# EXERCISE AIM
Your answer must contain only the lines from the one containing "this 1920×1440 image." through the end of the entries below, reproduced character for character.

※ ※ ※

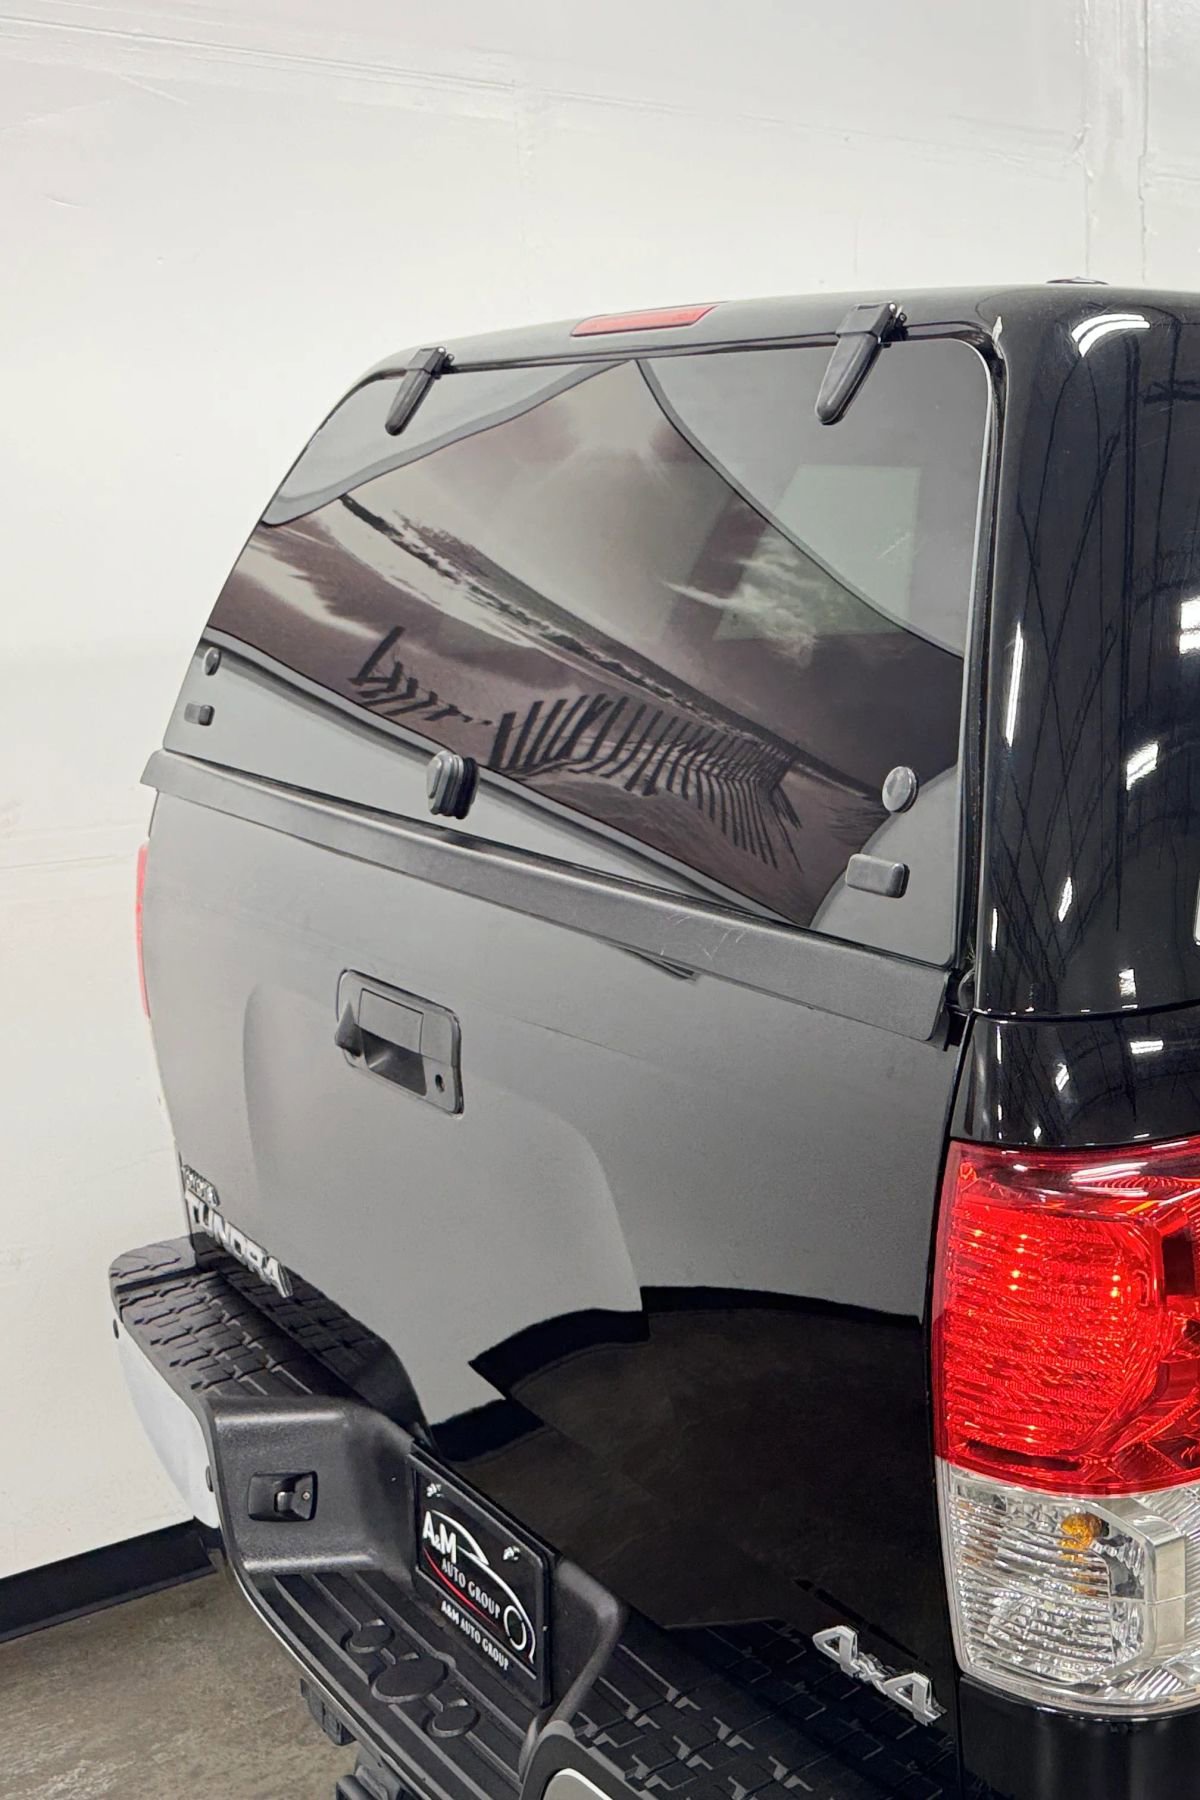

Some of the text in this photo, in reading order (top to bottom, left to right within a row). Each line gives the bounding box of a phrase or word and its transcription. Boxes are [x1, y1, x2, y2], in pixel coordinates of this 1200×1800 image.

[422, 1510, 457, 1565] A&M
[441, 1557, 501, 1619] AUTO GROUP
[440, 1599, 509, 1671] A&M AUTO GROUP
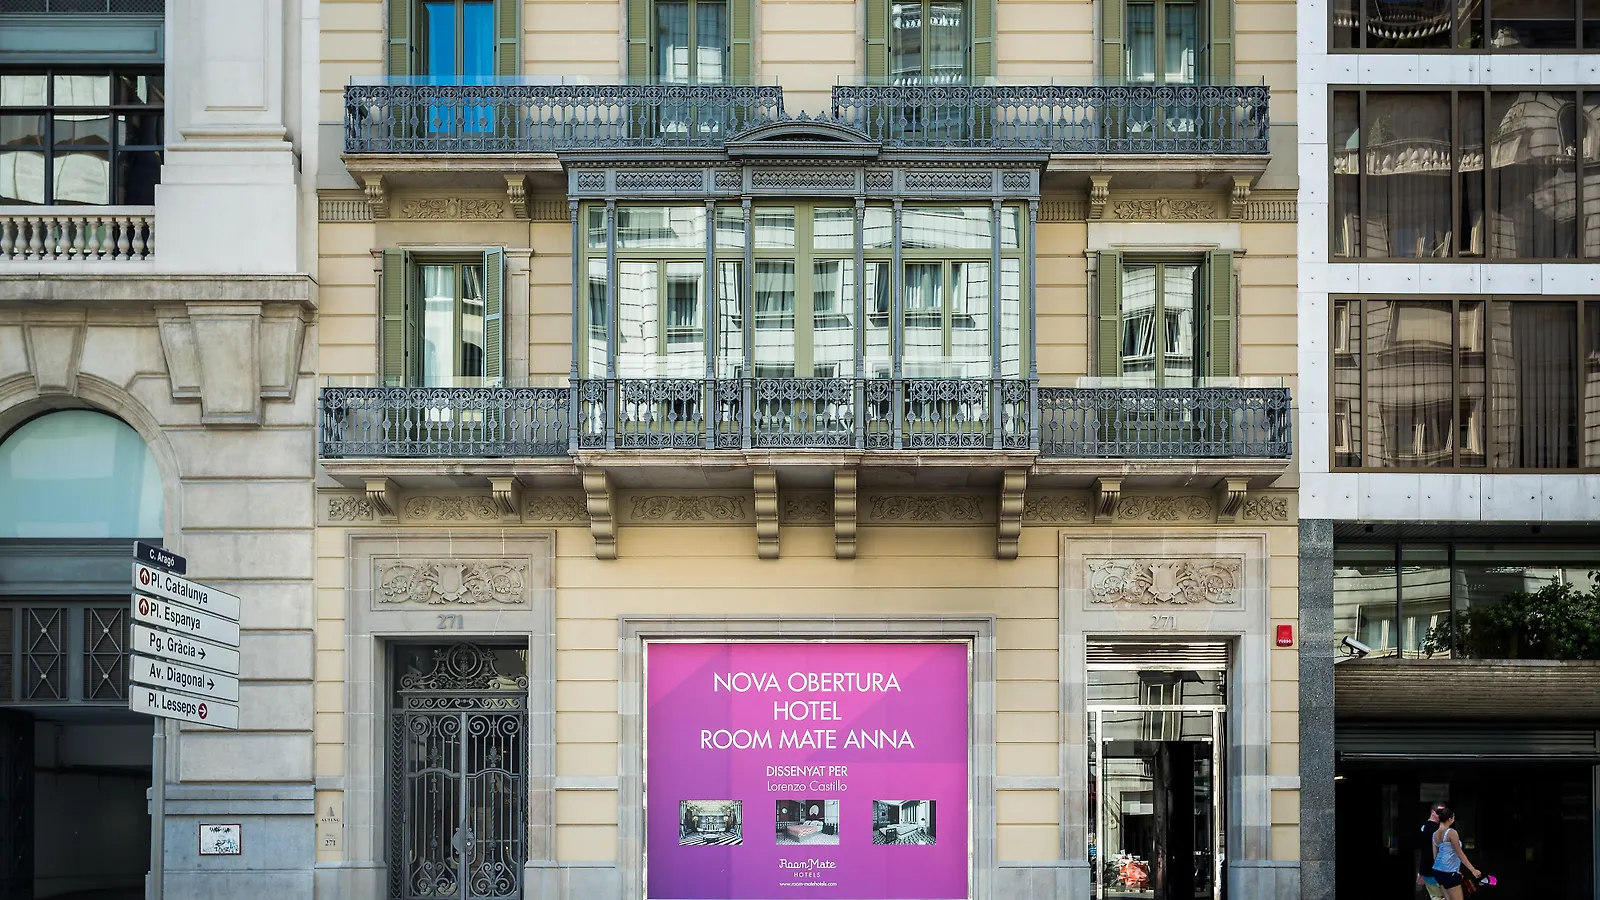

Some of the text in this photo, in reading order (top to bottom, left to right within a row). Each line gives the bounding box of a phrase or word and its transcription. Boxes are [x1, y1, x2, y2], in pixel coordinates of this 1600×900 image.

[149, 549, 175, 568] C. Aragó
[151, 572, 208, 604] Pl. Catalunya
[150, 602, 201, 631] Pl. Espanya
[437, 614, 464, 630] 271
[1150, 615, 1178, 630] 271
[149, 632, 196, 658] Pg. Gràcia
[149, 663, 205, 689] Av. Diagonal
[713, 672, 901, 693] NOVA OBERTURA
[148, 692, 196, 716] Pl. Lesseps
[773, 701, 842, 721] HOTEL
[701, 729, 915, 749] ROOM MATE ANNA
[766, 766, 848, 777] DISSENYAT PER
[767, 781, 847, 792] Lorenzo Castillo
[325, 839, 336, 847] 271
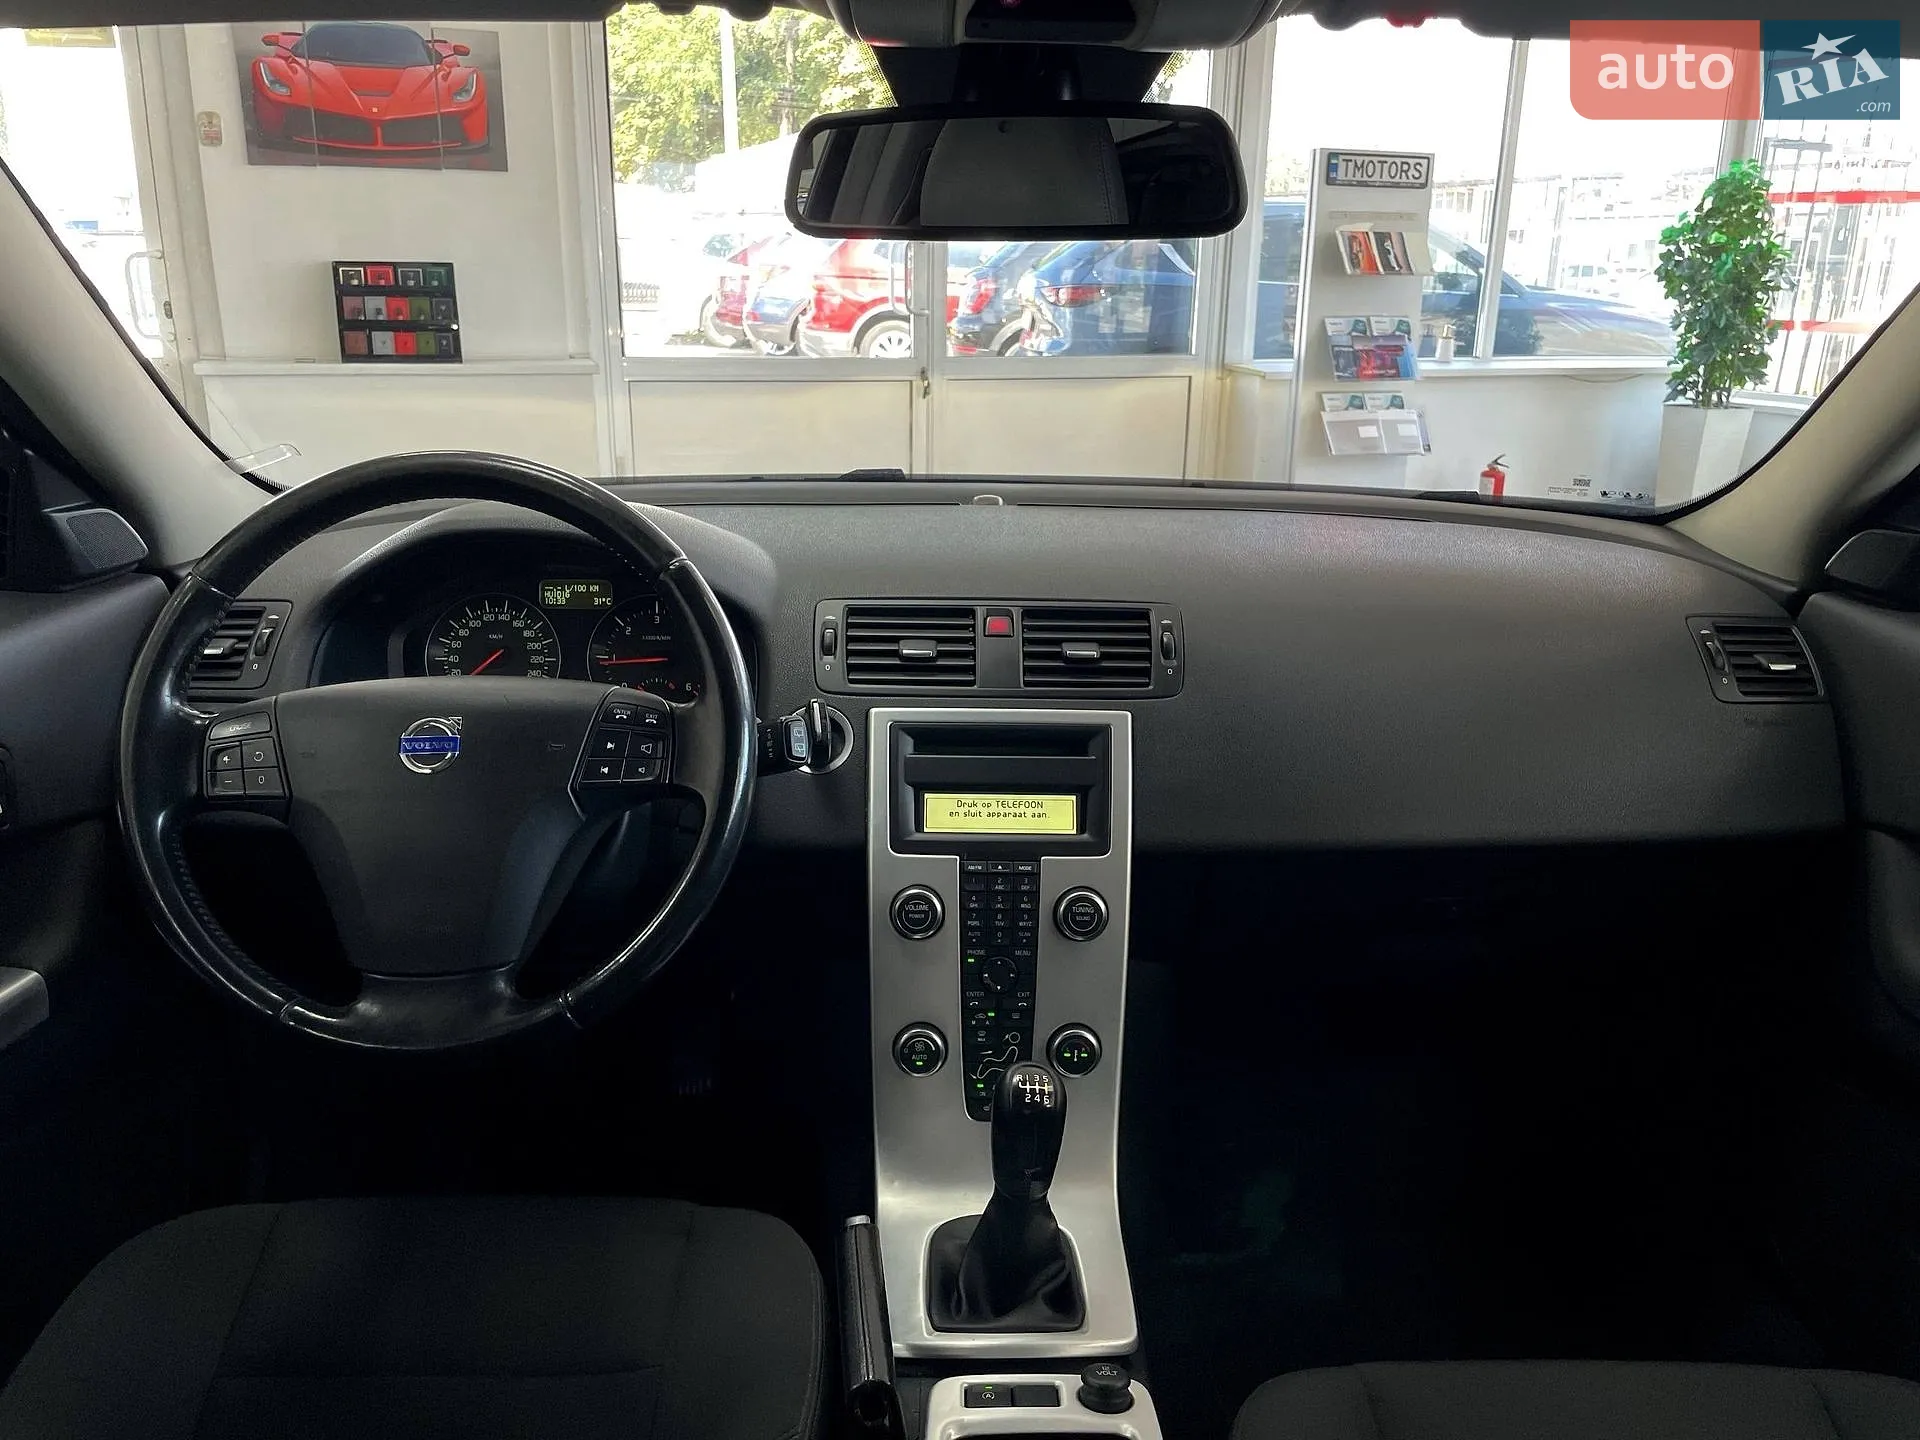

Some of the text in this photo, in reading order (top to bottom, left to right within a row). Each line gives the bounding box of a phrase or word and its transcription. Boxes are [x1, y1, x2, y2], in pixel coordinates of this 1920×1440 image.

[1342, 159, 1423, 180] TMOTORS
[546, 597, 566, 605] 10:33
[483, 613, 495, 621] 120
[498, 613, 510, 621] 140
[654, 616, 660, 624] 3
[512, 620, 525, 628] 160
[458, 628, 469, 636] 80
[626, 626, 632, 635] 2
[451, 640, 462, 648] 60
[685, 683, 692, 692] 6
[956, 800, 1044, 810] Druk op TELEFOON
[963, 810, 982, 818] sluit
[986, 811, 1027, 820] apparaat
[1025, 1094, 1032, 1103] 2
[1033, 1094, 1041, 1103] 4
[1043, 1096, 1050, 1105] 6

※ ※ ※

# PROBLEM SOLUTION
Some of the text in this photo, in reading order (top to bottom, left to right within a row). Each line gives the bounding box of a phrase or word and its transcription. Boxes are [x1, y1, x2, y2], in pixel coordinates of this 1920×1440 image.

[1342, 159, 1423, 180] TMOTORS
[546, 597, 566, 605] 10:33
[483, 613, 495, 621] 120
[498, 613, 510, 621] 140
[654, 616, 660, 624] 3
[512, 620, 525, 628] 160
[458, 628, 469, 636] 80
[626, 626, 632, 635] 2
[451, 640, 462, 648] 60
[685, 683, 692, 692] 6
[956, 800, 1044, 810] Druk op TELEFOON
[963, 810, 982, 818] sluit
[986, 811, 1027, 820] apparaat
[1025, 1094, 1032, 1103] 2
[1033, 1094, 1041, 1103] 4
[1043, 1096, 1050, 1105] 6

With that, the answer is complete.